[Opening EXTRACTED RECORDS section]

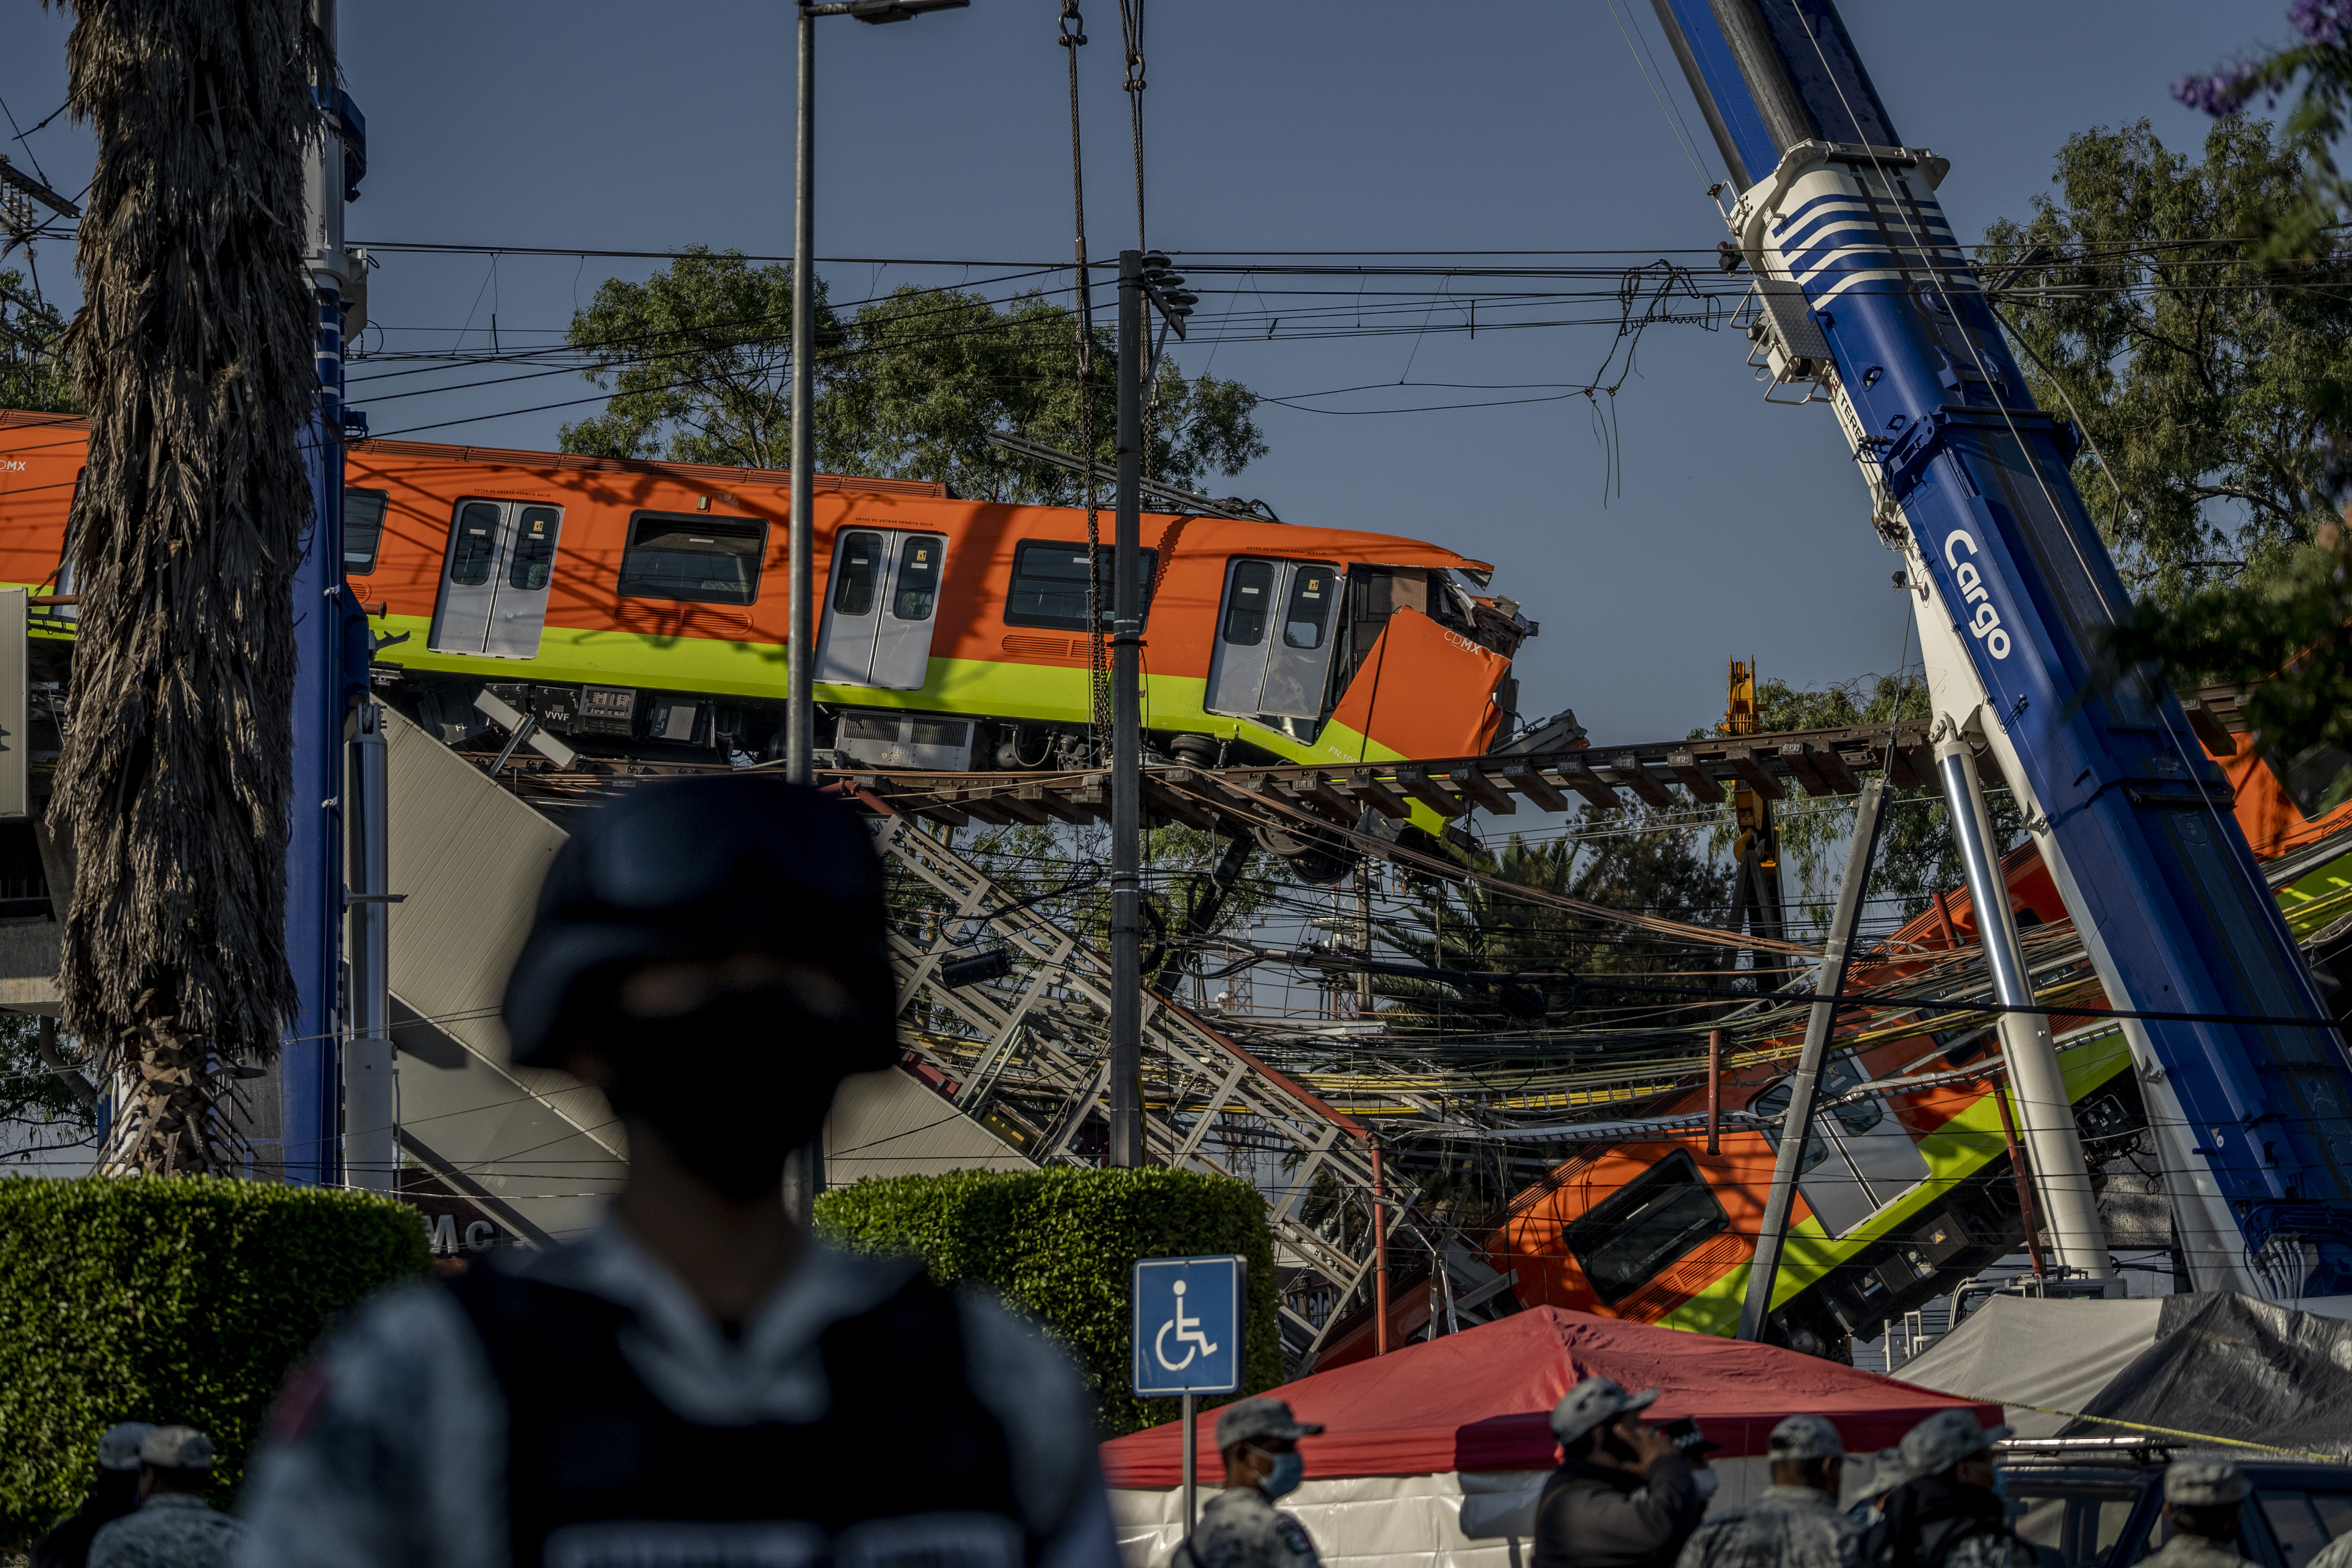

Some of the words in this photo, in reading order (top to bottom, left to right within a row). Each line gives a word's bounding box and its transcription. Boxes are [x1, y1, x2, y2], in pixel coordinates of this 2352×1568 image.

[1841, 392, 1863, 442] TERE
[1945, 529, 2011, 660] Cargo
[1444, 630, 1480, 655] CDMX
[545, 710, 570, 721] VVVF
[455, 722, 467, 732] FL
[1329, 746, 1360, 763] FN.100

[Closing EXTRACTED RECORDS section]

* _DIRECTIONS_
Since the pictures are not part of the copy, transcribe only the remaining material, exactly.

* _PROBLEM SOLUTION_
Some of the words in this photo, in reading order (top to bottom, left to right within a row). Each line gives a word's bounding box and its transcription. Boxes are [x1, y1, x2, y2], in pixel coordinates of this 2352×1568 image.

[1841, 392, 1863, 442] TERE
[1945, 529, 2011, 660] Cargo
[1444, 630, 1480, 655] CDMX
[545, 710, 570, 721] VVVF
[455, 722, 467, 732] FL
[1329, 746, 1360, 763] FN.100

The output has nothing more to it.